── TASK INPUT
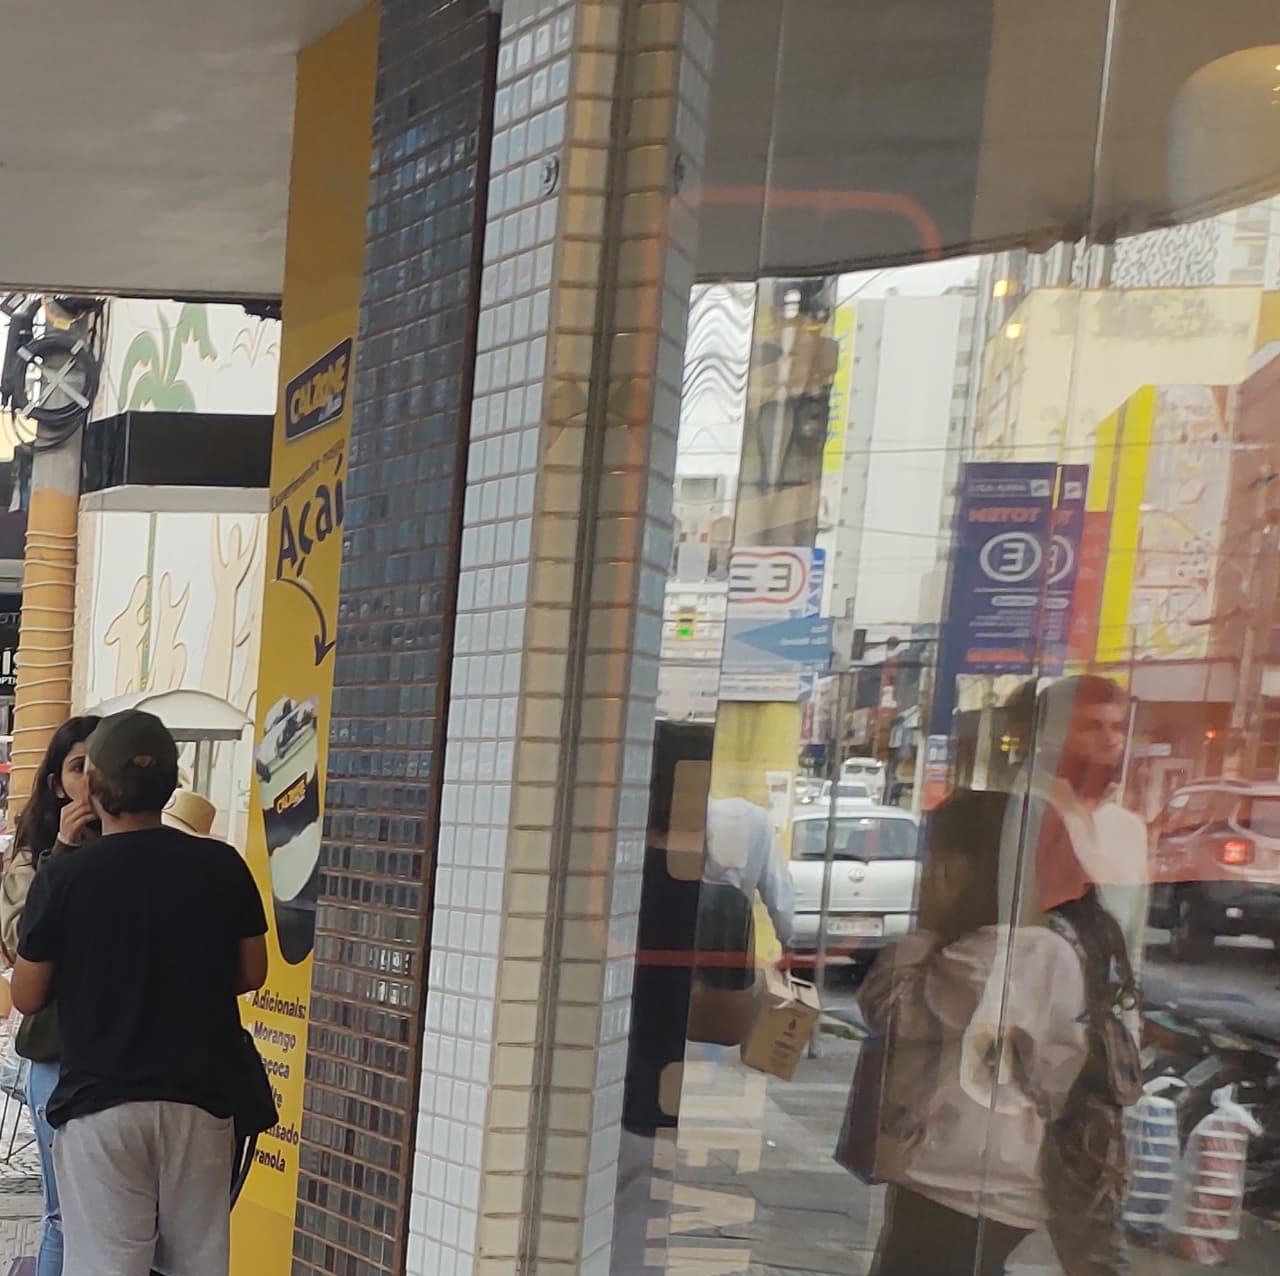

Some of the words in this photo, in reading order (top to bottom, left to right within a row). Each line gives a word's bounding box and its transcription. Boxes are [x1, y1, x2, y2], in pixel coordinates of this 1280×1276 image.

[276, 452, 345, 582] Açaí
[251, 989, 307, 1020] Adicionais:
[254, 1020, 297, 1054] Morango
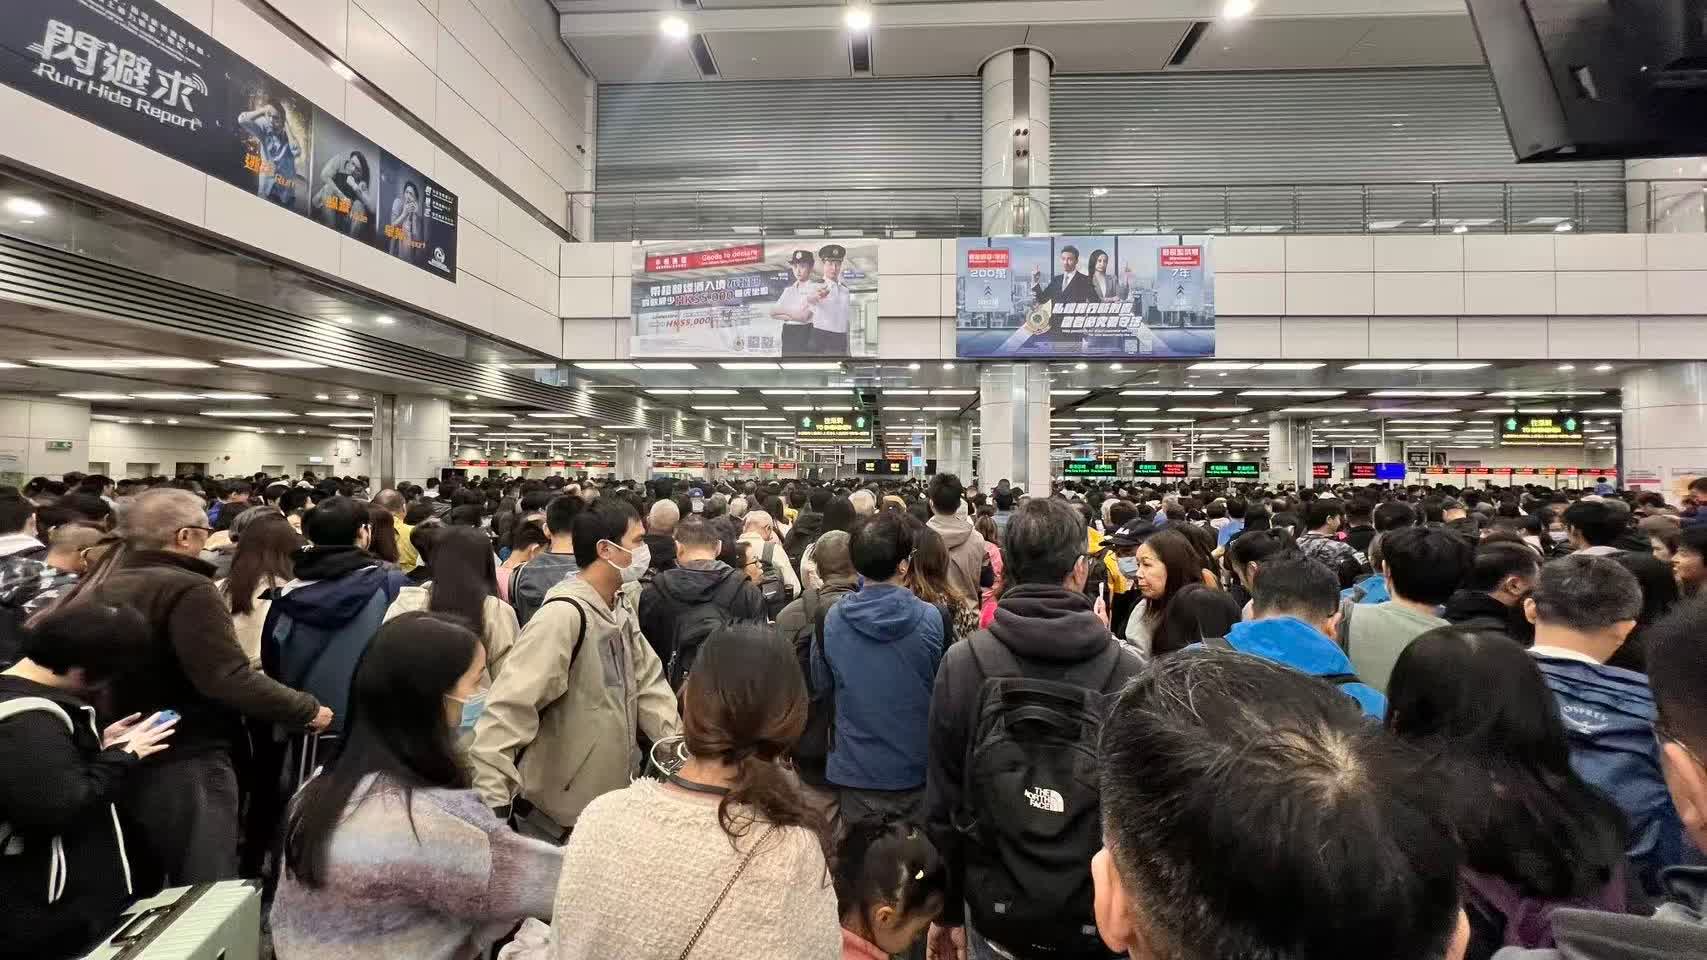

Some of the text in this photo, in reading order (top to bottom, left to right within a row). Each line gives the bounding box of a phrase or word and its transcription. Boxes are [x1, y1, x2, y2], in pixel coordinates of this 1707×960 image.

[38, 19, 197, 112] 閃避求
[36, 62, 202, 131] Run Hide Report
[702, 254, 722, 262] Goods
[732, 249, 758, 259] declare
[1024, 789, 1051, 804] NORTH
[1034, 786, 1051, 797] THE
[1029, 798, 1051, 810] FACE
────
_WHAT YOU NEED TO DO_
Transcribe the material exactly, keeping every word and none of the pictures.

_THE ANSWER_
Some of the words in this photo, in reading order (top to bottom, left to right within a row). Each line gives a word's bounding box and its transcription. Boxes are [x1, y1, x2, y2], in pixel coordinates of this 1280×1276 image.

[276, 452, 345, 582] Açaí
[251, 989, 307, 1020] Adicionais:
[254, 1020, 297, 1054] Morango

Some of the text in this photo, in reading order (top to bottom, left to right within a row). Each line gives the bounding box of a phrase or word and its transcription. Boxes are [x1, y1, x2, y2], in pixel coordinates of this 1707×960 image.

[38, 19, 197, 112] 閃避求
[36, 62, 202, 131] Run Hide Report
[702, 254, 722, 262] Goods
[732, 249, 758, 259] declare
[1024, 789, 1051, 804] NORTH
[1034, 786, 1051, 797] THE
[1029, 798, 1051, 810] FACE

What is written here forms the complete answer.